▶ _Data listing_:
[Start of Attachment]

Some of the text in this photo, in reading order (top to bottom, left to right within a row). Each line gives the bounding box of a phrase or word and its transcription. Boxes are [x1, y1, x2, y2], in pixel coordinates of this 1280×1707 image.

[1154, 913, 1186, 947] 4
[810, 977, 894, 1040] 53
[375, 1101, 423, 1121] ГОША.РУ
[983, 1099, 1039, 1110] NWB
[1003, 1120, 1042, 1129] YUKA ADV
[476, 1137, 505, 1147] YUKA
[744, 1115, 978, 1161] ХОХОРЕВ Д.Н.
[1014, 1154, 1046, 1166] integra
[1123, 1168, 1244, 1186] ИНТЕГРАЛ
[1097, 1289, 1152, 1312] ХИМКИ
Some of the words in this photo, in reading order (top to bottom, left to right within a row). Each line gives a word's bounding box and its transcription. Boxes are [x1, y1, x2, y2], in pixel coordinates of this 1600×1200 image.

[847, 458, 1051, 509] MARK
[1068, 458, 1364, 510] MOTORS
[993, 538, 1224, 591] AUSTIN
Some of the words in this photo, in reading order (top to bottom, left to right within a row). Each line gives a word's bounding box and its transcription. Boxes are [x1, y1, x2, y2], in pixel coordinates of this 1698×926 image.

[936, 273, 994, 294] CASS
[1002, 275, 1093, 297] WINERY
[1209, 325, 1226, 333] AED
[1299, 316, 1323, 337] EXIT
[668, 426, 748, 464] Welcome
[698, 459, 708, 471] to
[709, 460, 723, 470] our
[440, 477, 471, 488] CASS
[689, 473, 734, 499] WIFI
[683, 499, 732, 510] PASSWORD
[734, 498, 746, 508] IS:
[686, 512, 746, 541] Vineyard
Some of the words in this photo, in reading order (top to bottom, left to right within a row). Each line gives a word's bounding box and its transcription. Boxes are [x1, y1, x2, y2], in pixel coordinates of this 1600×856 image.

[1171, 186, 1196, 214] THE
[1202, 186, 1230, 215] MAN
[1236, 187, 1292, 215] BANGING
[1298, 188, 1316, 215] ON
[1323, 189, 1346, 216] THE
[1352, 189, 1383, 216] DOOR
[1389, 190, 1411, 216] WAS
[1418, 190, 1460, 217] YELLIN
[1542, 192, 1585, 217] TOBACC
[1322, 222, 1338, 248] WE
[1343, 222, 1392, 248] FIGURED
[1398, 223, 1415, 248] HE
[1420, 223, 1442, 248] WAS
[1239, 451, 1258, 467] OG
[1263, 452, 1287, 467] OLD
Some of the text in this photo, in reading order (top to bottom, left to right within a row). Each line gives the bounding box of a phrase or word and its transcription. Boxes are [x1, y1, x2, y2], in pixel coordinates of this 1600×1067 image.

[End of Attachment]

▶ _Exercise_: The answer must be the data above, repeated exactly as it stands.

▶ _Reply to the exercise_:
Some of the text in this photo, in reading order (top to bottom, left to right within a row). Each line gives the bounding box of a phrase or word and its transcription. Boxes are [x1, y1, x2, y2], in pixel coordinates of this 1280×1707 image.

[1154, 913, 1186, 947] 4
[810, 977, 894, 1040] 53
[375, 1101, 423, 1121] ГОША.РУ
[983, 1099, 1039, 1110] NWB
[1003, 1120, 1042, 1129] YUKA ADV
[476, 1137, 505, 1147] YUKA
[744, 1115, 978, 1161] ХОХОРЕВ Д.Н.
[1014, 1154, 1046, 1166] integra
[1123, 1168, 1244, 1186] ИНТЕГРАЛ
[1097, 1289, 1152, 1312] ХИМКИ
Some of the words in this photo, in reading order (top to bottom, left to right within a row). Each line gives a word's bounding box and its transcription. Boxes are [x1, y1, x2, y2], in pixel coordinates of this 1600×1200 image.

[847, 458, 1051, 509] MARK
[1068, 458, 1364, 510] MOTORS
[993, 538, 1224, 591] AUSTIN
Some of the words in this photo, in reading order (top to bottom, left to right within a row). Each line gives a word's bounding box and its transcription. Boxes are [x1, y1, x2, y2], in pixel coordinates of this 1698×926 image.

[936, 273, 994, 294] CASS
[1002, 275, 1093, 297] WINERY
[1209, 325, 1226, 333] AED
[1299, 316, 1323, 337] EXIT
[668, 426, 748, 464] Welcome
[698, 459, 708, 471] to
[709, 460, 723, 470] our
[440, 477, 471, 488] CASS
[689, 473, 734, 499] WIFI
[683, 499, 732, 510] PASSWORD
[734, 498, 746, 508] IS:
[686, 512, 746, 541] Vineyard
Some of the words in this photo, in reading order (top to bottom, left to right within a row). Each line gives a word's bounding box and its transcription. Boxes are [x1, y1, x2, y2], in pixel coordinates of this 1600×856 image.

[1171, 186, 1196, 214] THE
[1202, 186, 1230, 215] MAN
[1236, 187, 1292, 215] BANGING
[1298, 188, 1316, 215] ON
[1323, 189, 1346, 216] THE
[1352, 189, 1383, 216] DOOR
[1389, 190, 1411, 216] WAS
[1418, 190, 1460, 217] YELLIN
[1542, 192, 1585, 217] TOBACC
[1322, 222, 1338, 248] WE
[1343, 222, 1392, 248] FIGURED
[1398, 223, 1415, 248] HE
[1420, 223, 1442, 248] WAS
[1239, 451, 1258, 467] OG
[1263, 452, 1287, 467] OLD
Some of the text in this photo, in reading order (top to bottom, left to right within a row). Each line gives the bounding box of a phrase or word and its transcription. Boxes are [x1, y1, x2, y2], in pixel coordinates of this 1600×1067 image.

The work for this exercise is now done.